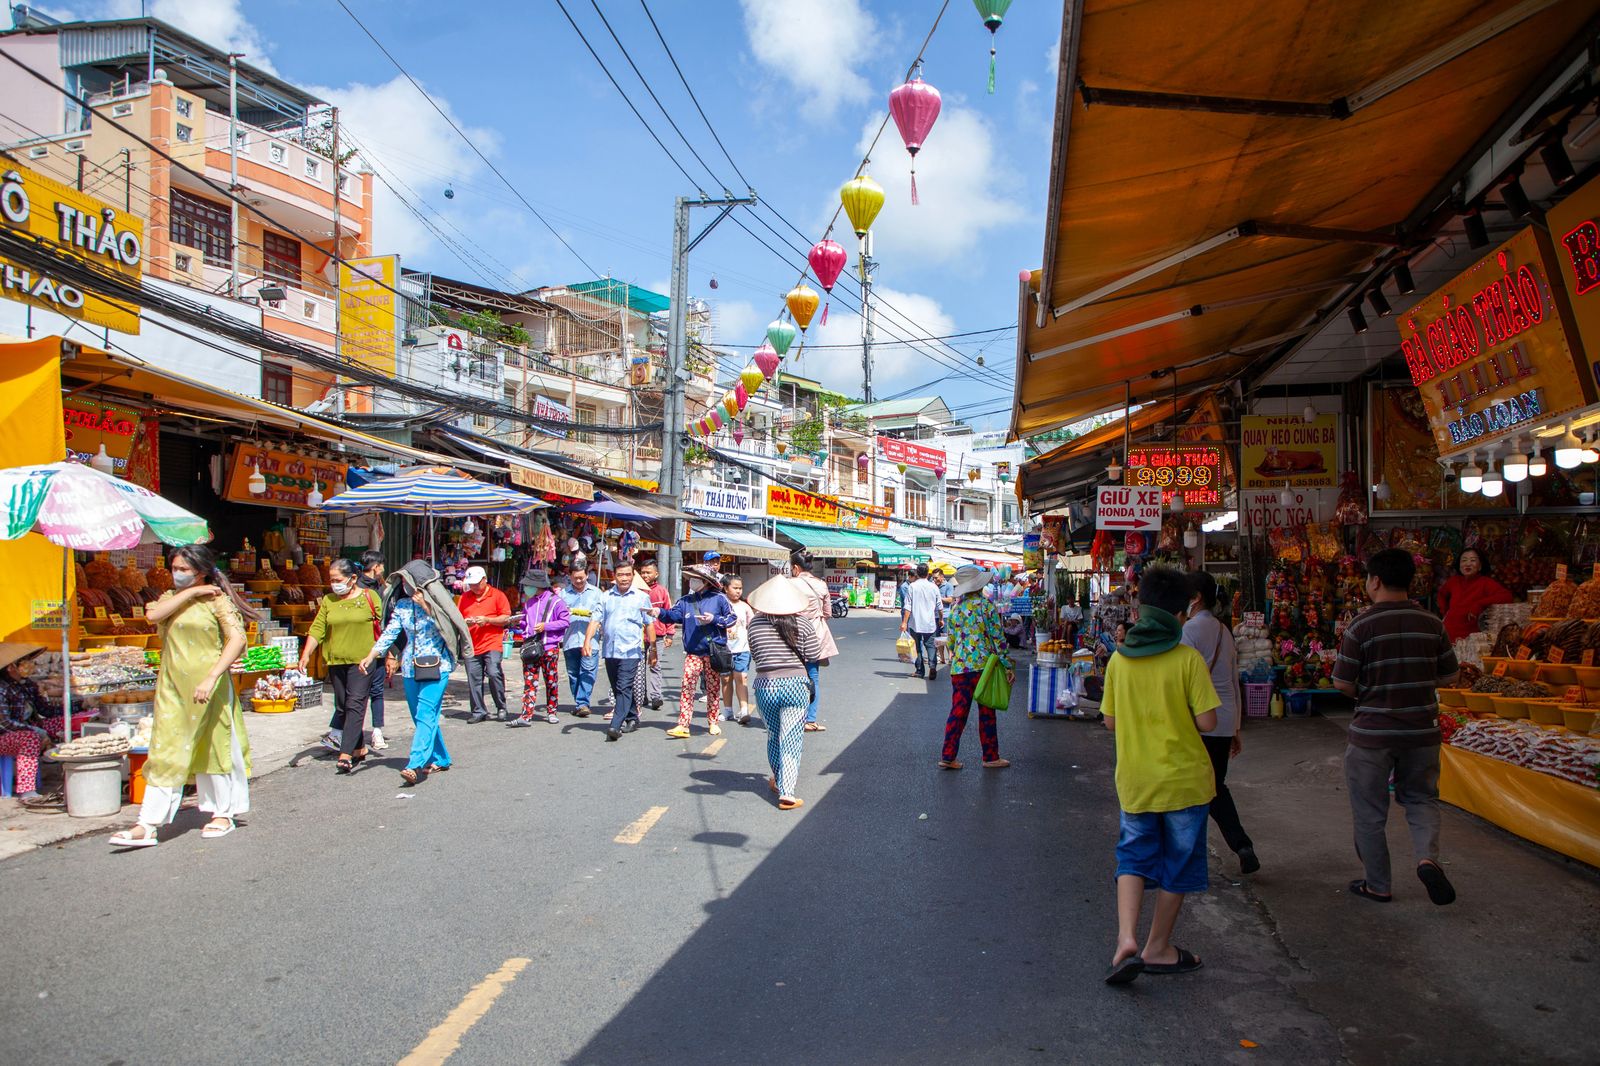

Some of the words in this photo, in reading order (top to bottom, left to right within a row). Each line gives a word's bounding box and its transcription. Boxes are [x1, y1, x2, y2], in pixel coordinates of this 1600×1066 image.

[54, 202, 141, 266] THẢO
[1401, 319, 1435, 387] BÀ
[1426, 294, 1480, 373] GIÁO
[1472, 250, 1543, 347] THẢO
[1243, 429, 1268, 448] QUAY
[1271, 428, 1290, 444] HEO
[1129, 450, 1148, 466] BÀ
[1150, 450, 1182, 467] GIÁO
[1184, 447, 1218, 466] THẢO
[1137, 466, 1212, 487] 9999
[706, 489, 724, 508] THÁI
[771, 489, 791, 504] NHÀ
[794, 493, 812, 510] TRỌ
[1100, 487, 1132, 506] GIỮ
[1136, 491, 1160, 505] XE
[1255, 492, 1278, 504] NHÀ
[1098, 507, 1135, 517] HONDA
[1140, 507, 1160, 517] 10K
[1286, 508, 1314, 526] NGA
[826, 574, 842, 584] GIỮ
[842, 576, 854, 584] XE
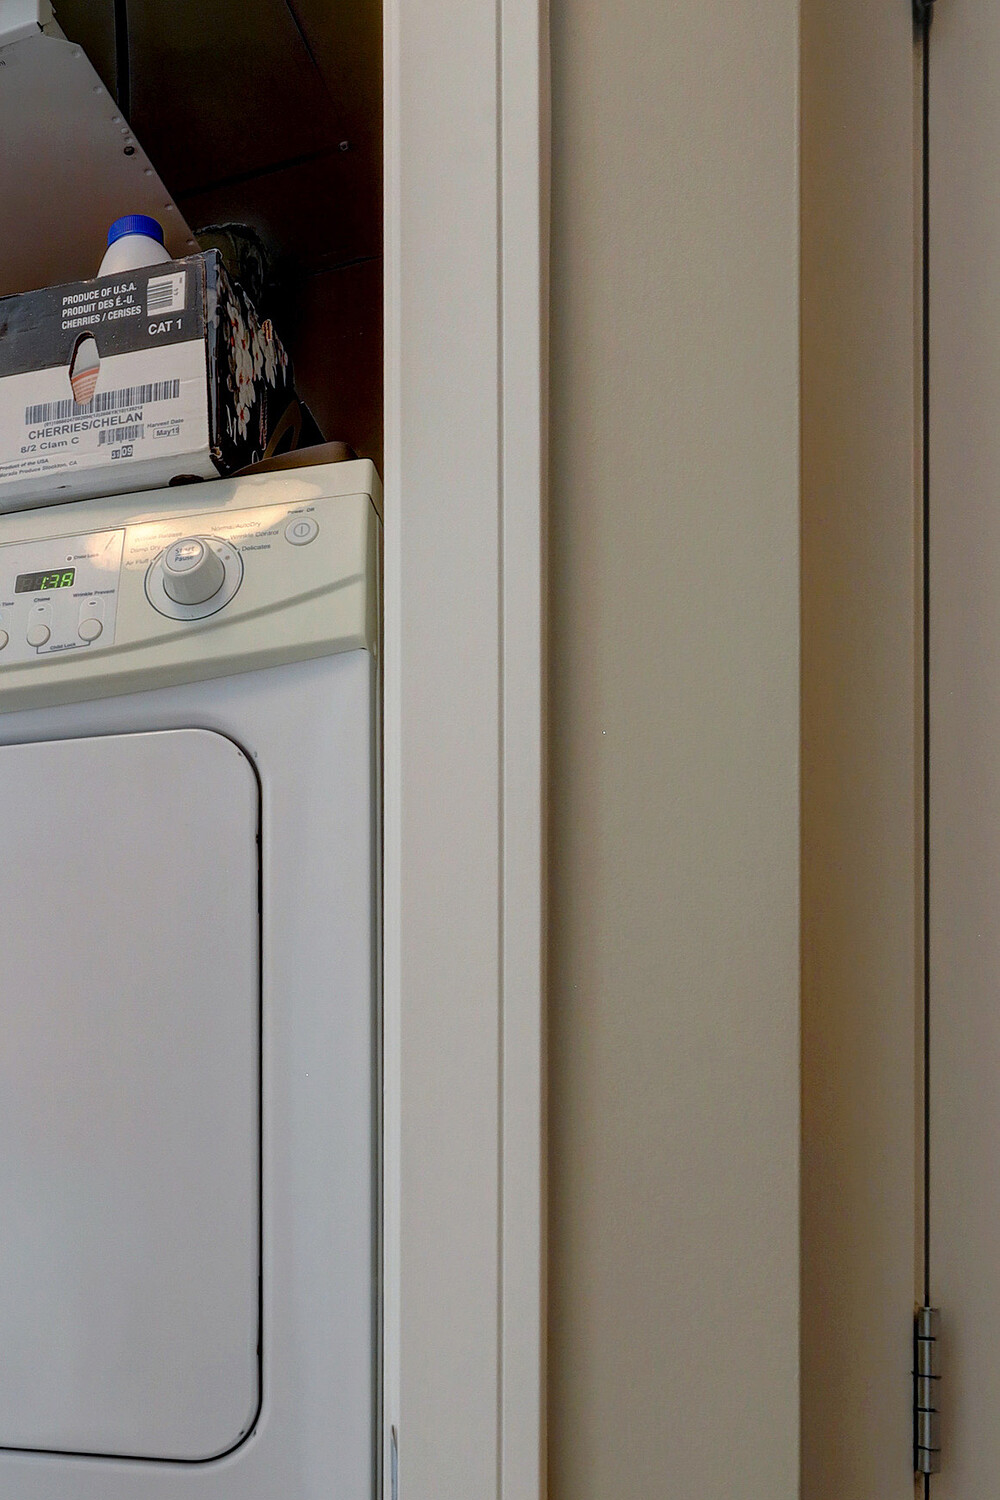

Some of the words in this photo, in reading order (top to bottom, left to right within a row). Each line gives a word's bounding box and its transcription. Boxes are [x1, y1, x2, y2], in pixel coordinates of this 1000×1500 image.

+-------+

* What to produce:
What is needed here is an exact transcription of every record above, with images excluded.

* Result of the task:
Some of the words in this photo, in reading order (top to bottom, left to right within a row). Each line gives a word's bounding box and its transcription. Boxes are [x1, y1, x2, y2], in pixel coordinates of this 1600×1066 image.

[54, 202, 141, 266] THẢO
[1401, 319, 1435, 387] BÀ
[1426, 294, 1480, 373] GIÁO
[1472, 250, 1543, 347] THẢO
[1243, 429, 1268, 448] QUAY
[1271, 428, 1290, 444] HEO
[1129, 450, 1148, 466] BÀ
[1150, 450, 1182, 467] GIÁO
[1184, 447, 1218, 466] THẢO
[1137, 466, 1212, 487] 9999
[706, 489, 724, 508] THÁI
[771, 489, 791, 504] NHÀ
[794, 493, 812, 510] TRỌ
[1100, 487, 1132, 506] GIỮ
[1136, 491, 1160, 505] XE
[1255, 492, 1278, 504] NHÀ
[1098, 507, 1135, 517] HONDA
[1140, 507, 1160, 517] 10K
[1286, 508, 1314, 526] NGA
[826, 574, 842, 584] GIỮ
[842, 576, 854, 584] XE

Some of the words in this photo, in reading order (top to bottom, left to right within a row). Each line gives a word's bounding box and its transcription. Boxes are [x1, y1, x2, y2], in pixel coordinates of this 1000×1500 image.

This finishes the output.